Task instructions:
Return the data exactly, apart from leaving out the pictures.

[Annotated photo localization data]

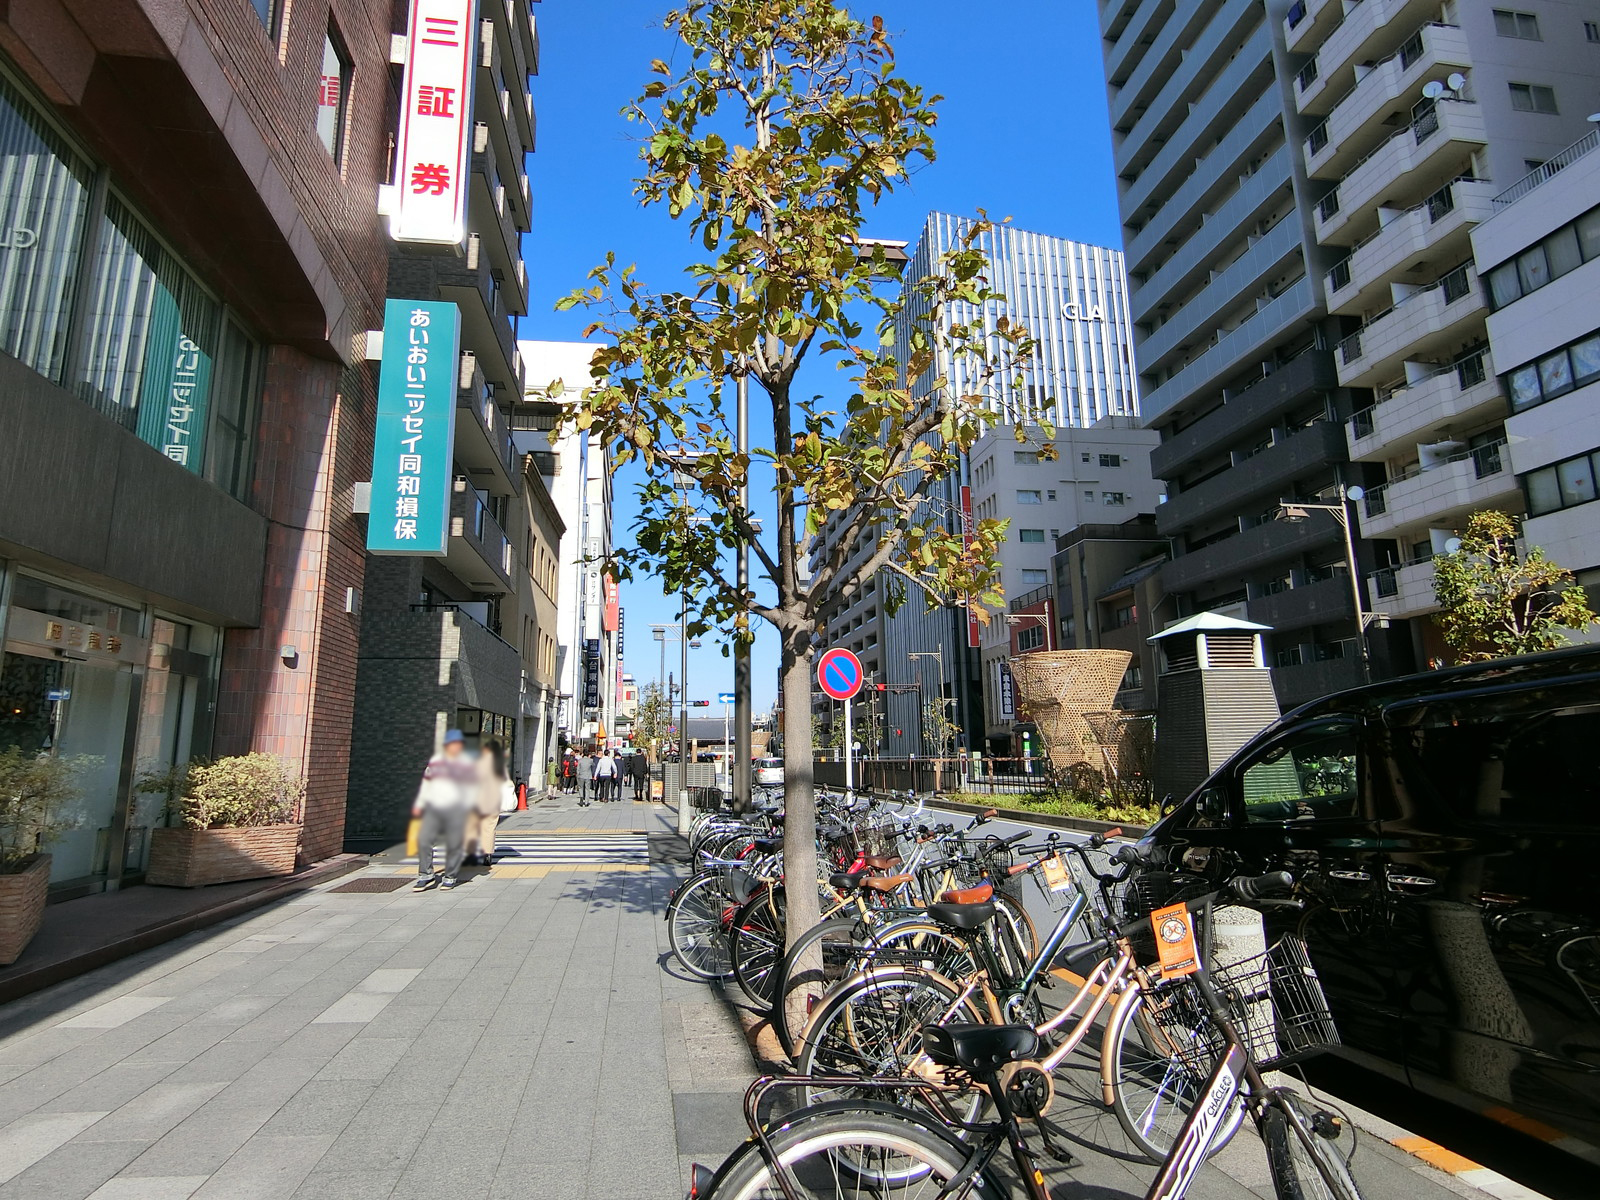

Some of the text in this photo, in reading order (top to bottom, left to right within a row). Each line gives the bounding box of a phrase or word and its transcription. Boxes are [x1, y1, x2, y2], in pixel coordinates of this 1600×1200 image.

[411, 17, 459, 196] 三証券
[1062, 302, 1104, 322] GLA
[394, 308, 431, 540] あいおいニッセイ同和損保
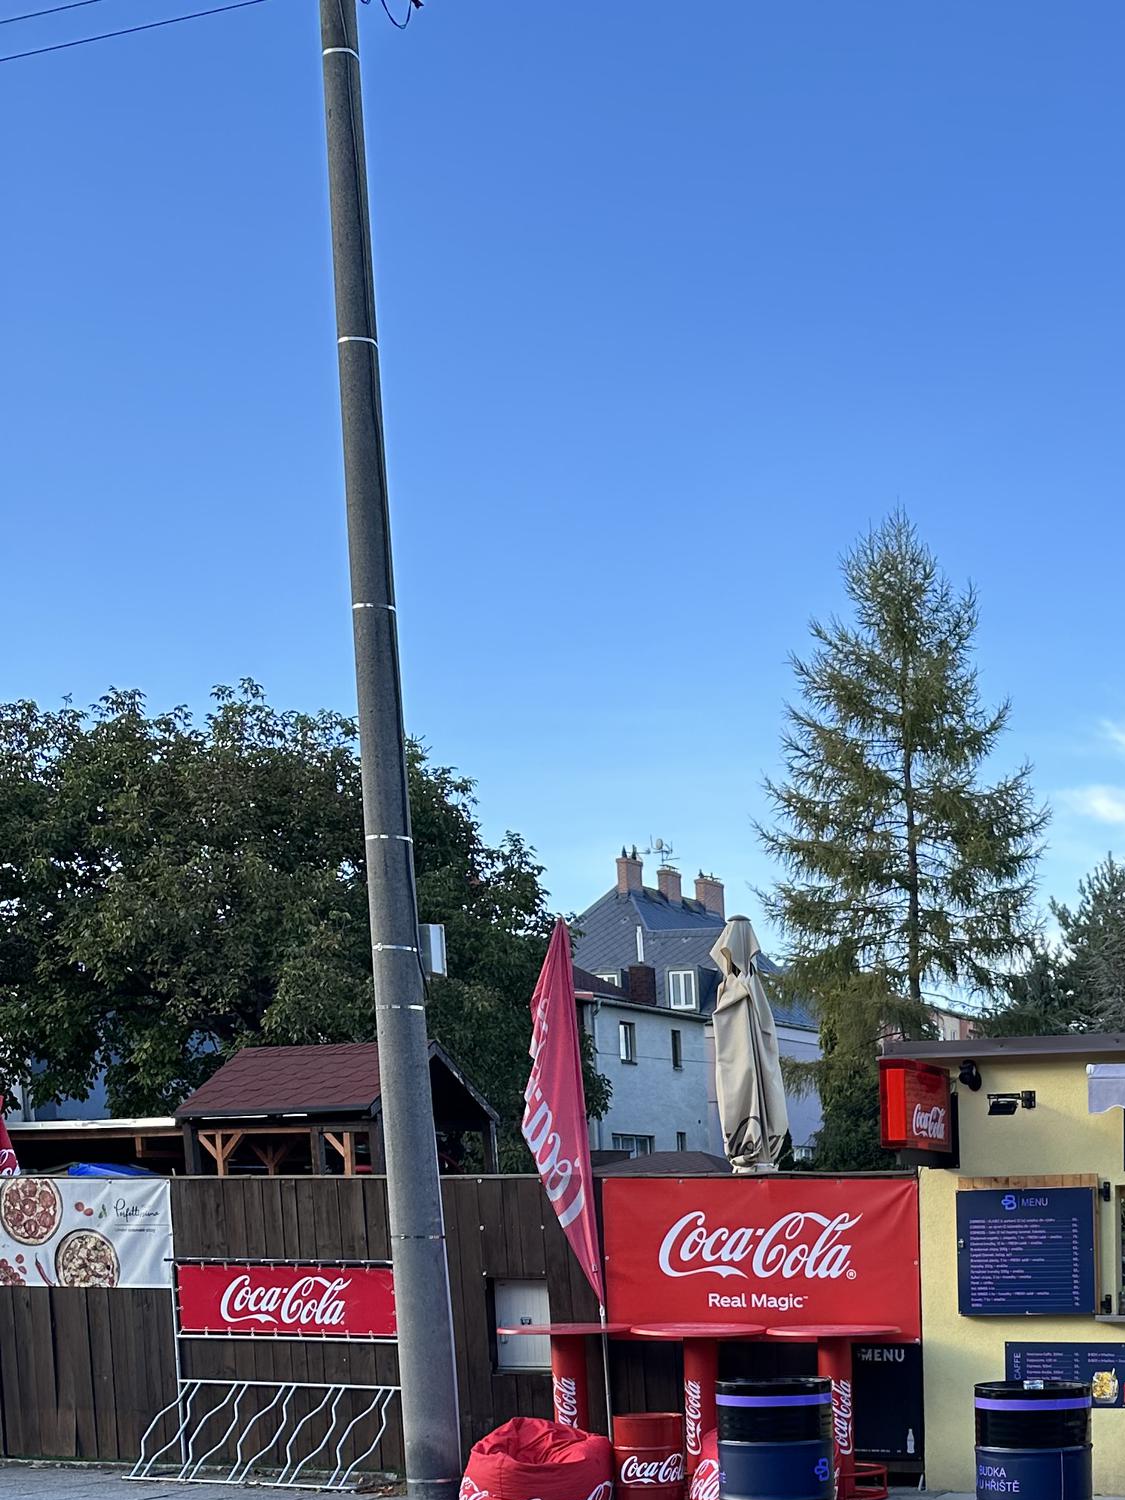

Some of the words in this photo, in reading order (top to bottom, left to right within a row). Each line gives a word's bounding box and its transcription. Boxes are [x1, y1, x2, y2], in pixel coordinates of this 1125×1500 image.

[912, 1103, 946, 1139] Coca-Cola
[1021, 1197, 1048, 1207] MENU
[220, 1274, 352, 1325] Coca-Cola
[708, 1293, 747, 1308] Real
[860, 1348, 905, 1363] MENU
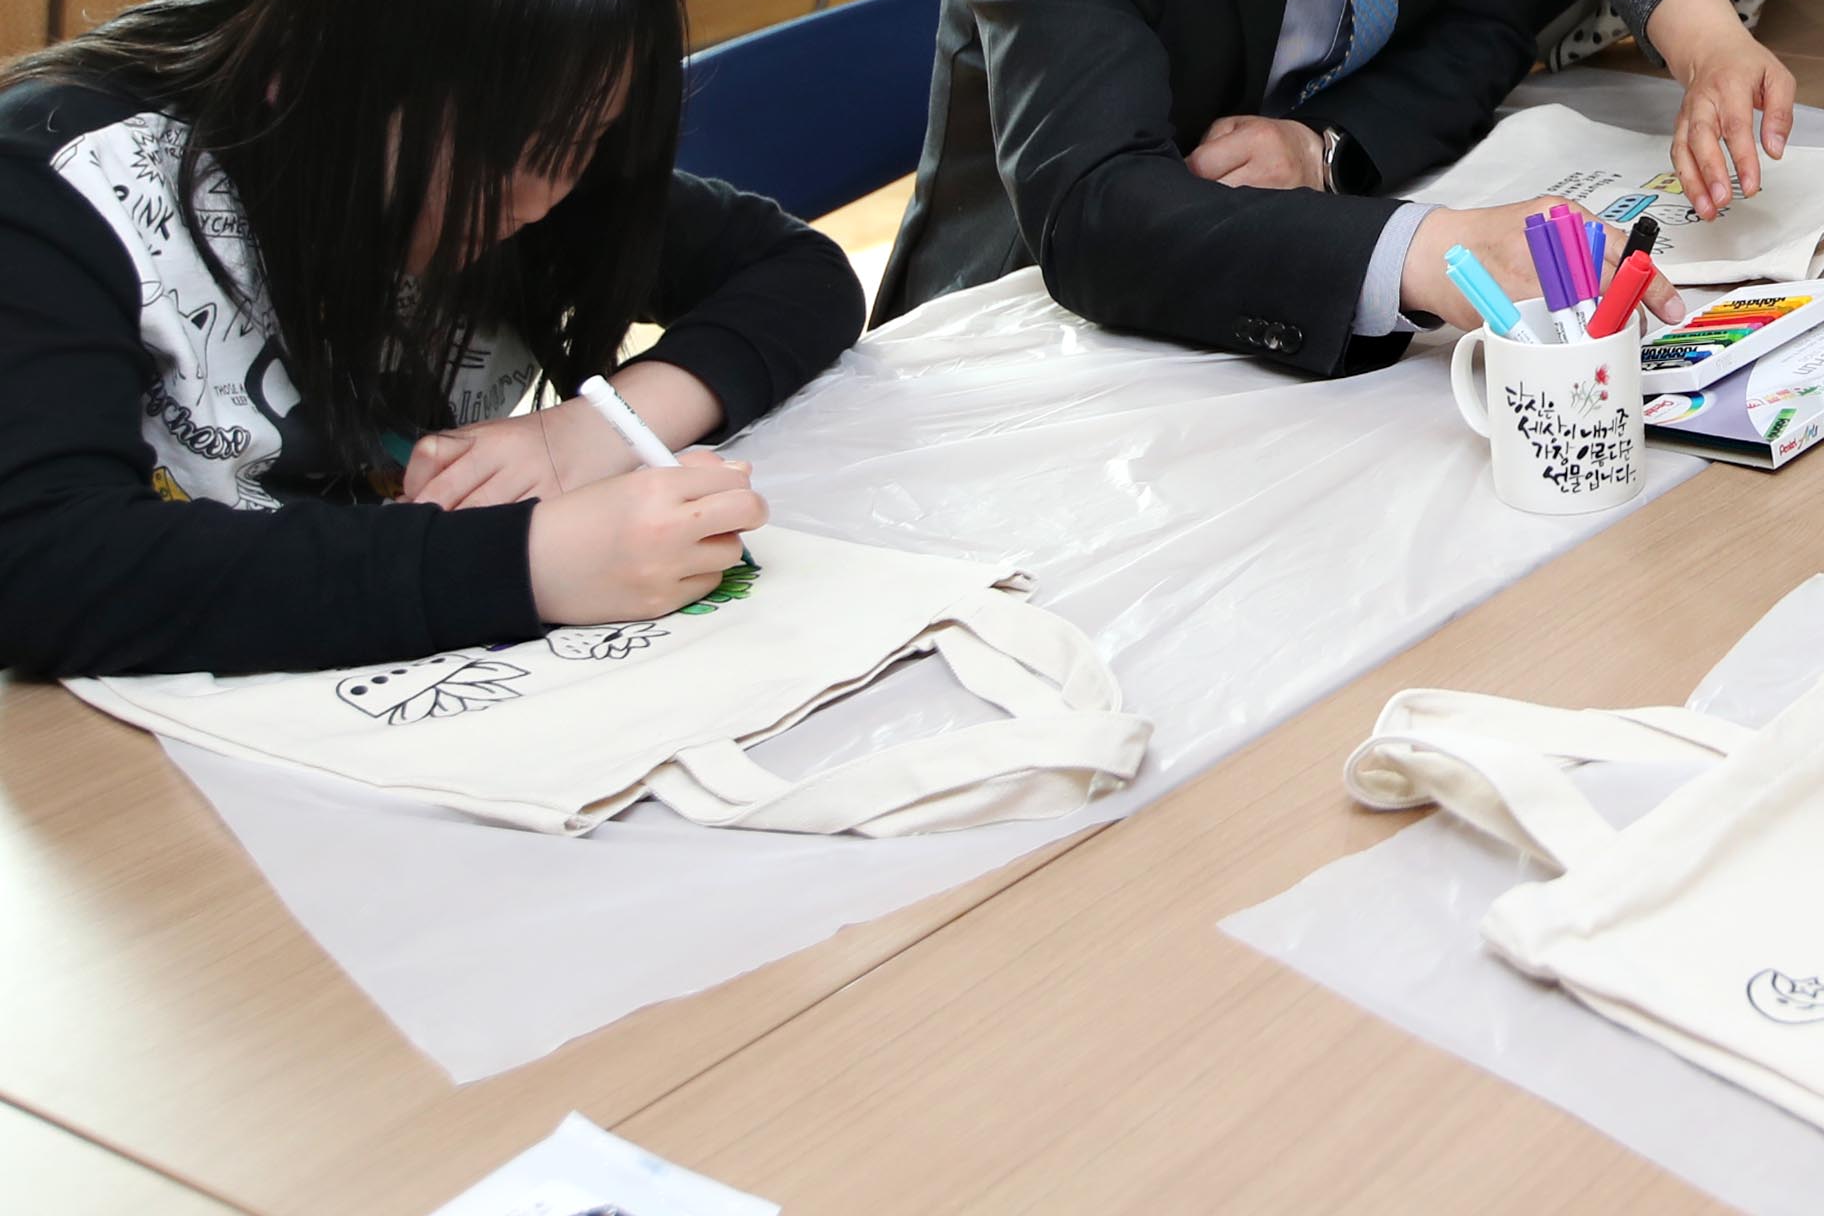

Written answer:
Some of the text in this photo, in reading order (top to bottom, left to right within a row). Each line gives the bounding box of a phrase or word and its transcription. Boxes are [x1, y1, x2, y2], in pixel coordinates of this 1600×1200 image.

[411, 17, 459, 196] 三証券
[1062, 302, 1104, 322] GLA
[394, 308, 431, 540] あいおいニッセイ同和損保

Some of the words in this photo, in reading order (top to bottom, left to right within a row). Each line gives a word's bounding box and its transcription. Boxes are [x1, y1, x2, y2], in pixel coordinates of this 1125×1500 image.

[912, 1103, 946, 1139] Coca-Cola
[1021, 1197, 1048, 1207] MENU
[220, 1274, 352, 1325] Coca-Cola
[708, 1293, 747, 1308] Real
[860, 1348, 905, 1363] MENU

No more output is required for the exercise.